* [Instructions to follow] Print the data once more, exactly as given. Drop the pictures.
═══ Records
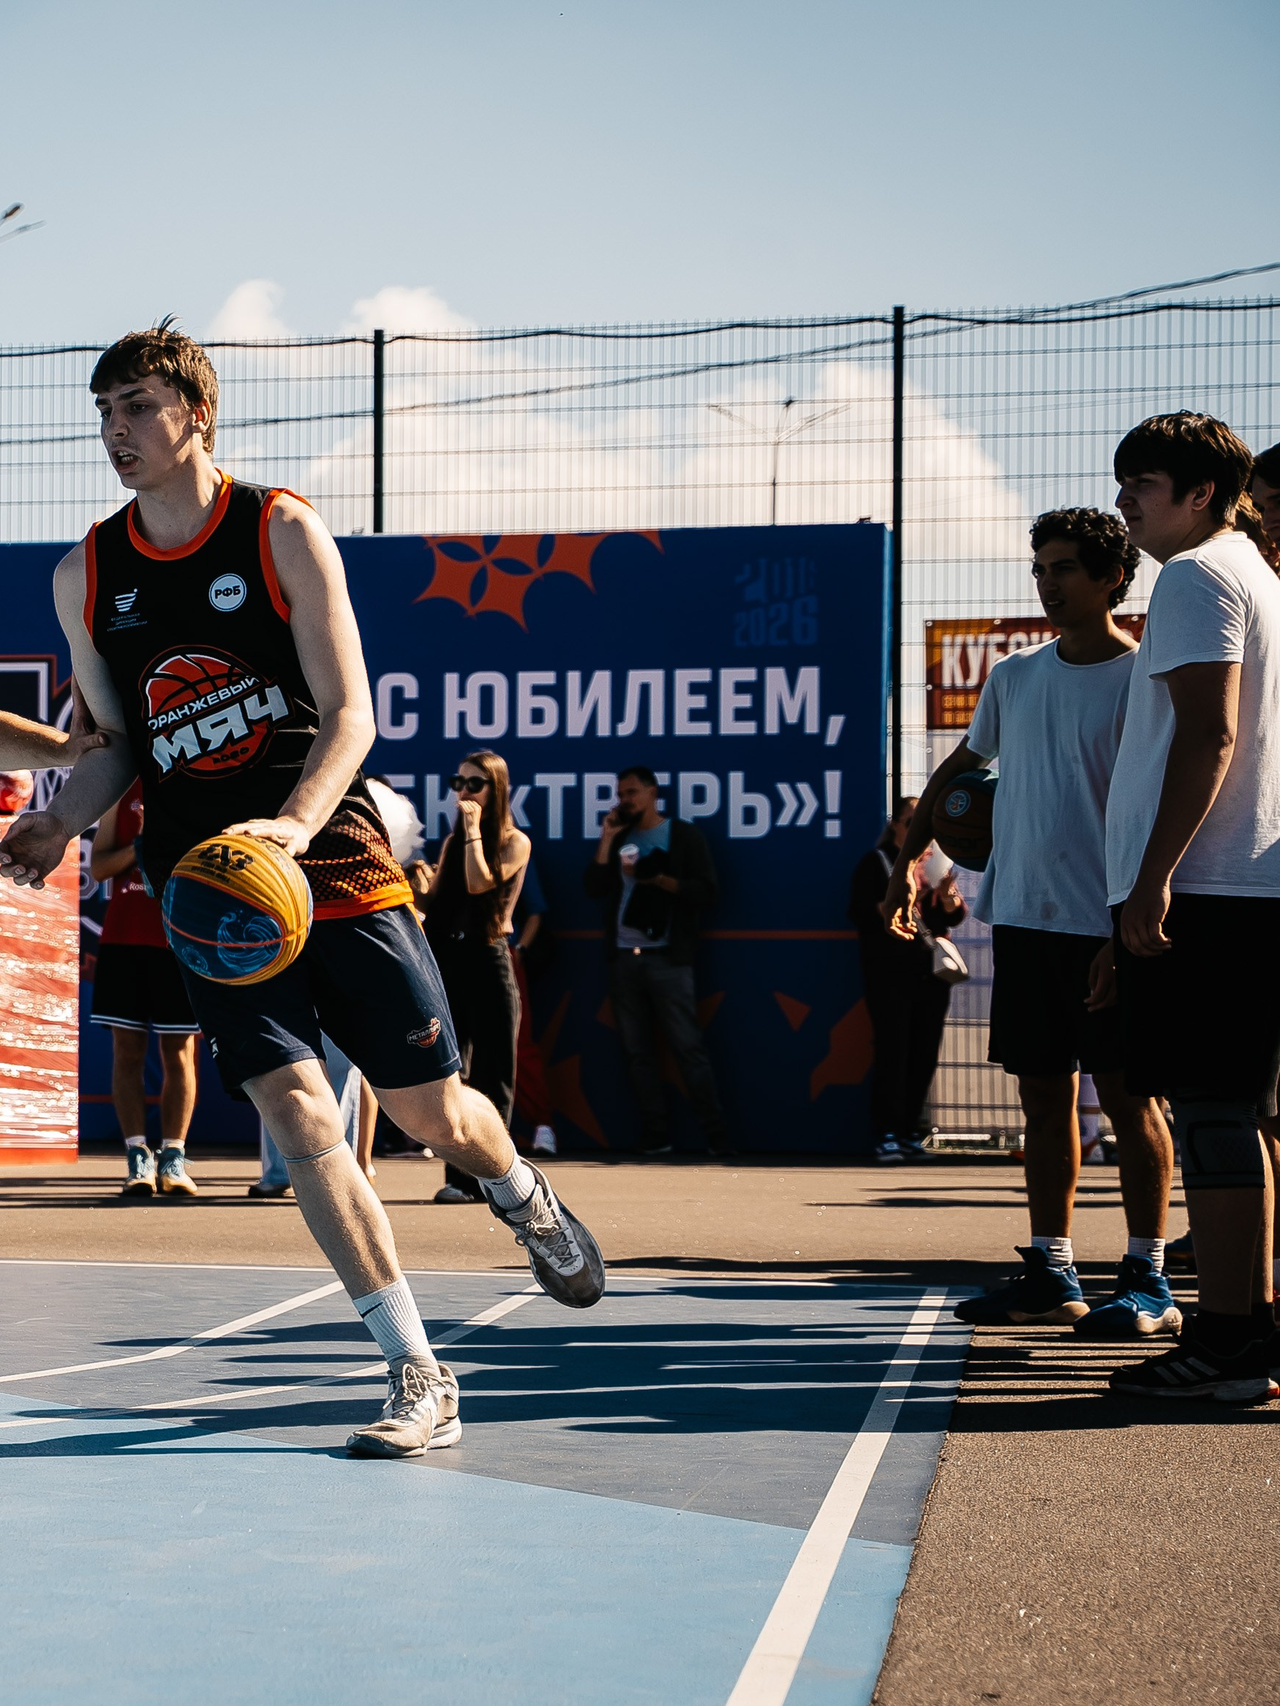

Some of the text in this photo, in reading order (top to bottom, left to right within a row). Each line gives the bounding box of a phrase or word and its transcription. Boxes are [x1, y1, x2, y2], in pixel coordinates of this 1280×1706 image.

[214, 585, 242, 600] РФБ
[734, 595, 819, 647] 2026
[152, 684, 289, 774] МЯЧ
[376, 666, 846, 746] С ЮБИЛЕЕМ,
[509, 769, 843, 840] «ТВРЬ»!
══════
* [Output of the exercise]
Some of the text in this photo, in reading order (top to bottom, left to right within a row). Each line gives the bounding box of a phrase or word and its transcription. Boxes are [x1, y1, x2, y2], in pixel coordinates of this 1280×1706 image.

[214, 585, 242, 600] РФБ
[734, 595, 819, 647] 2026
[152, 684, 289, 774] МЯЧ
[376, 666, 846, 746] С ЮБИЛЕЕМ,
[509, 769, 843, 840] «ТВРЬ»!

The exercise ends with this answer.